__WHAT TO PRODUCE__: Give every line of the material back exactly, images removed.

__DATA IN THIS EXERCISE__:
━━━━━━━━━━━━━━━━━━━━

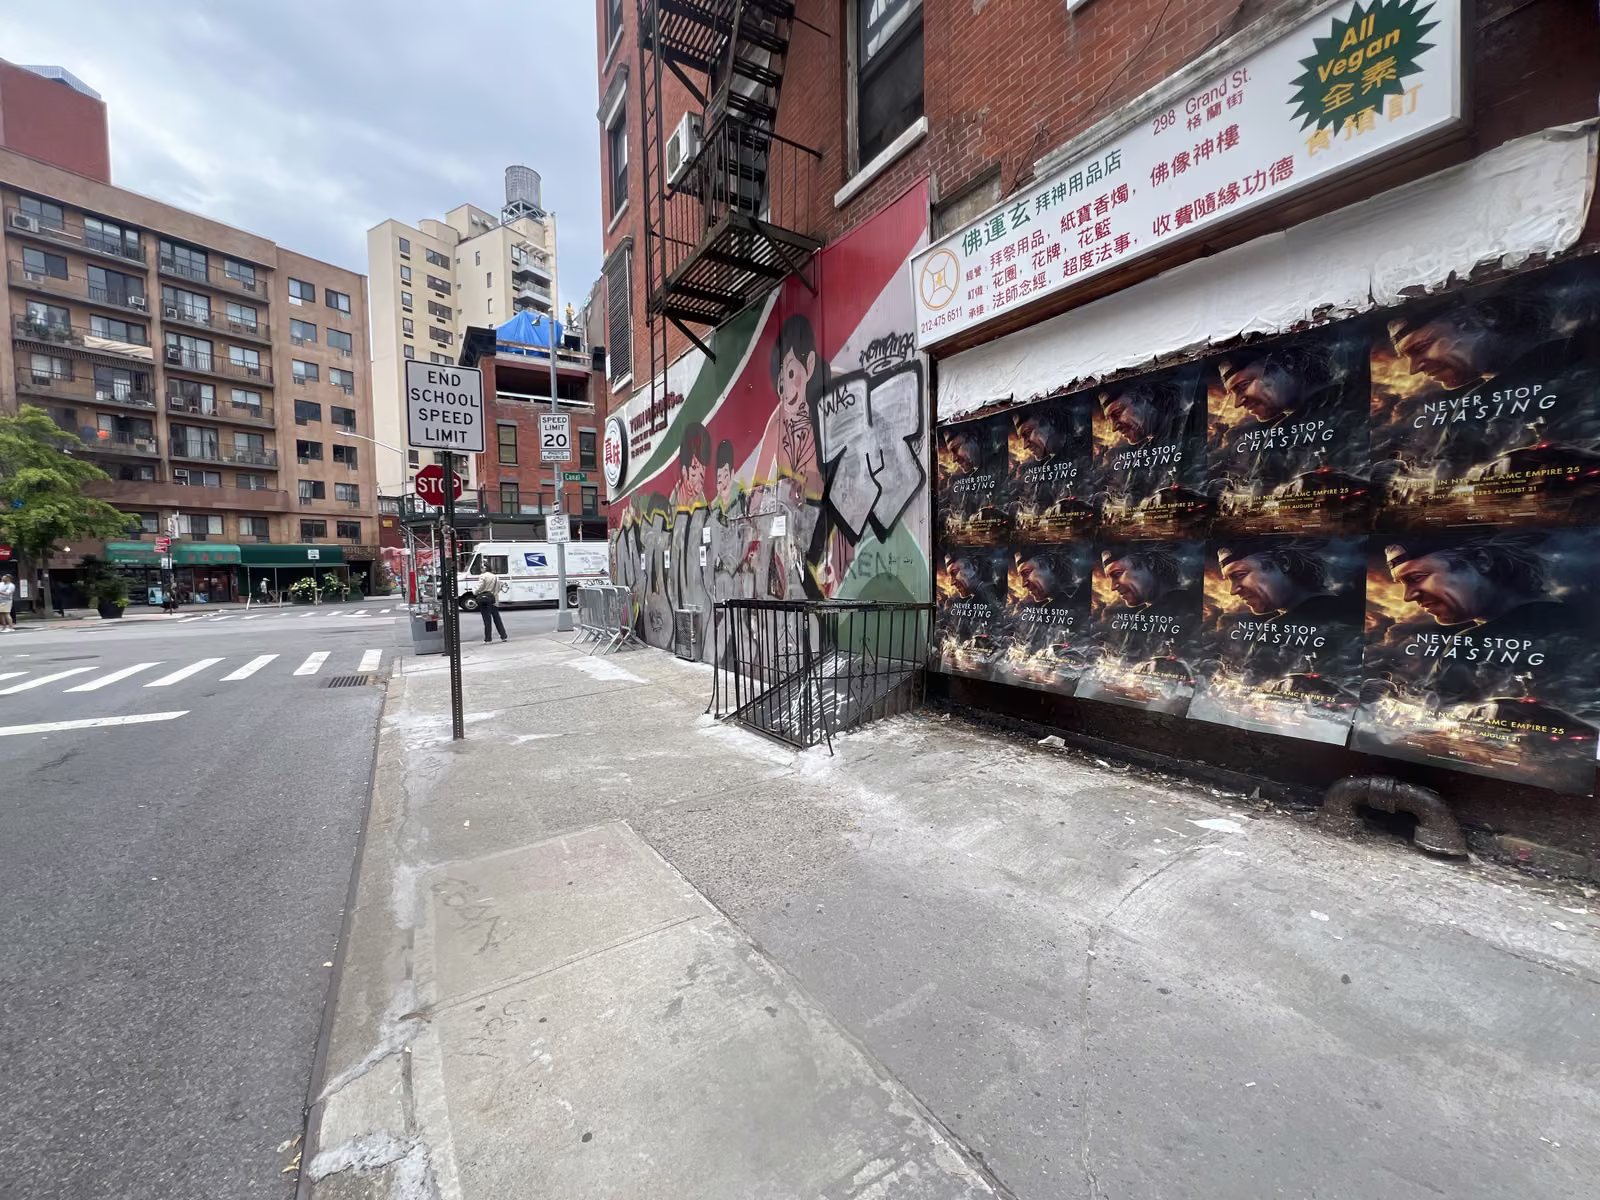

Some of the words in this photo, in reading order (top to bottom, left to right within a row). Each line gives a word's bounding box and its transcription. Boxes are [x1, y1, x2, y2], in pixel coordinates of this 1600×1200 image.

[1339, 13, 1375, 52] All
[1317, 29, 1400, 83] Vegan
[1321, 56, 1397, 115] 全素
[1153, 109, 1176, 136] 298
[1185, 79, 1227, 114] Grand
[1232, 68, 1252, 89] St.
[1187, 90, 1243, 131] 格蘭街
[1150, 124, 1240, 187] 佛像神樓
[962, 199, 1031, 257] 佛運玄
[1035, 149, 1122, 215] 拜神用品店
[947, 305, 963, 322] 6511
[428, 370, 461, 387] END
[411, 388, 479, 408] SCHOOL
[1424, 395, 1482, 415] NEVER
[1492, 384, 1543, 403] STOP
[418, 408, 473, 425] SPEED
[1413, 394, 1557, 429] CHASING
[542, 416, 567, 424] SPEED
[425, 427, 467, 443] LIMIT
[1244, 427, 1285, 441] NEVER
[1291, 420, 1325, 434] STOP
[543, 433, 567, 447] 20
[1236, 429, 1334, 453] CHASING
[1119, 449, 1148, 460] NEVER
[1151, 444, 1176, 455] STOP
[1028, 466, 1050, 475] NEVER
[1053, 461, 1073, 471] STOP
[1114, 452, 1182, 471] CHASING
[957, 477, 975, 485] NEVER
[976, 474, 991, 483] STOP
[1024, 468, 1077, 483] CHASING
[1498, 472, 1522, 480] AMC
[1525, 468, 1563, 477] EMPIRE
[1566, 466, 1580, 474] 25
[953, 480, 995, 493] CHASING
[1494, 486, 1525, 494] AUGUST
[950, 608, 992, 618] CHASING
[953, 602, 971, 611] NEVER
[1026, 607, 1050, 616] NEVER
[1051, 608, 1068, 616] STOP
[1021, 613, 1074, 626] CHASING
[1117, 613, 1146, 623] NEVER
[1149, 615, 1174, 624] STOP
[1111, 620, 1182, 634] CHASING
[1238, 621, 1277, 633] NEVER
[1283, 624, 1317, 635] STOP
[1230, 630, 1326, 648] CHASING
[1416, 633, 1473, 647] NEVER
[1483, 637, 1532, 650] STOP
[1405, 643, 1545, 666] CHASING
[1484, 719, 1507, 727] AMC
[1511, 721, 1548, 733] EMPIRE
[1551, 727, 1565, 735] 25
[1479, 732, 1510, 742] AUGUST

━━━━━━━━━━━━━━━━━━━━

__TASK RESULT__:
Some of the words in this photo, in reading order (top to bottom, left to right within a row). Each line gives a word's bounding box and its transcription. Boxes are [x1, y1, x2, y2], in pixel coordinates of this 1600×1200 image.

[1339, 13, 1375, 52] All
[1317, 29, 1400, 83] Vegan
[1321, 56, 1397, 115] 全素
[1153, 109, 1176, 136] 298
[1185, 79, 1227, 114] Grand
[1232, 68, 1252, 89] St.
[1187, 90, 1243, 131] 格蘭街
[1150, 124, 1240, 187] 佛像神樓
[962, 199, 1031, 257] 佛運玄
[1035, 149, 1122, 215] 拜神用品店
[947, 305, 963, 322] 6511
[428, 370, 461, 387] END
[411, 388, 479, 408] SCHOOL
[1424, 395, 1482, 415] NEVER
[1492, 384, 1543, 403] STOP
[418, 408, 473, 425] SPEED
[1413, 394, 1557, 429] CHASING
[542, 416, 567, 424] SPEED
[425, 427, 467, 443] LIMIT
[1244, 427, 1285, 441] NEVER
[1291, 420, 1325, 434] STOP
[543, 433, 567, 447] 20
[1236, 429, 1334, 453] CHASING
[1119, 449, 1148, 460] NEVER
[1151, 444, 1176, 455] STOP
[1028, 466, 1050, 475] NEVER
[1053, 461, 1073, 471] STOP
[1114, 452, 1182, 471] CHASING
[957, 477, 975, 485] NEVER
[976, 474, 991, 483] STOP
[1024, 468, 1077, 483] CHASING
[1498, 472, 1522, 480] AMC
[1525, 468, 1563, 477] EMPIRE
[1566, 466, 1580, 474] 25
[953, 480, 995, 493] CHASING
[1494, 486, 1525, 494] AUGUST
[950, 608, 992, 618] CHASING
[953, 602, 971, 611] NEVER
[1026, 607, 1050, 616] NEVER
[1051, 608, 1068, 616] STOP
[1021, 613, 1074, 626] CHASING
[1117, 613, 1146, 623] NEVER
[1149, 615, 1174, 624] STOP
[1111, 620, 1182, 634] CHASING
[1238, 621, 1277, 633] NEVER
[1283, 624, 1317, 635] STOP
[1230, 630, 1326, 648] CHASING
[1416, 633, 1473, 647] NEVER
[1483, 637, 1532, 650] STOP
[1405, 643, 1545, 666] CHASING
[1484, 719, 1507, 727] AMC
[1511, 721, 1548, 733] EMPIRE
[1551, 727, 1565, 735] 25
[1479, 732, 1510, 742] AUGUST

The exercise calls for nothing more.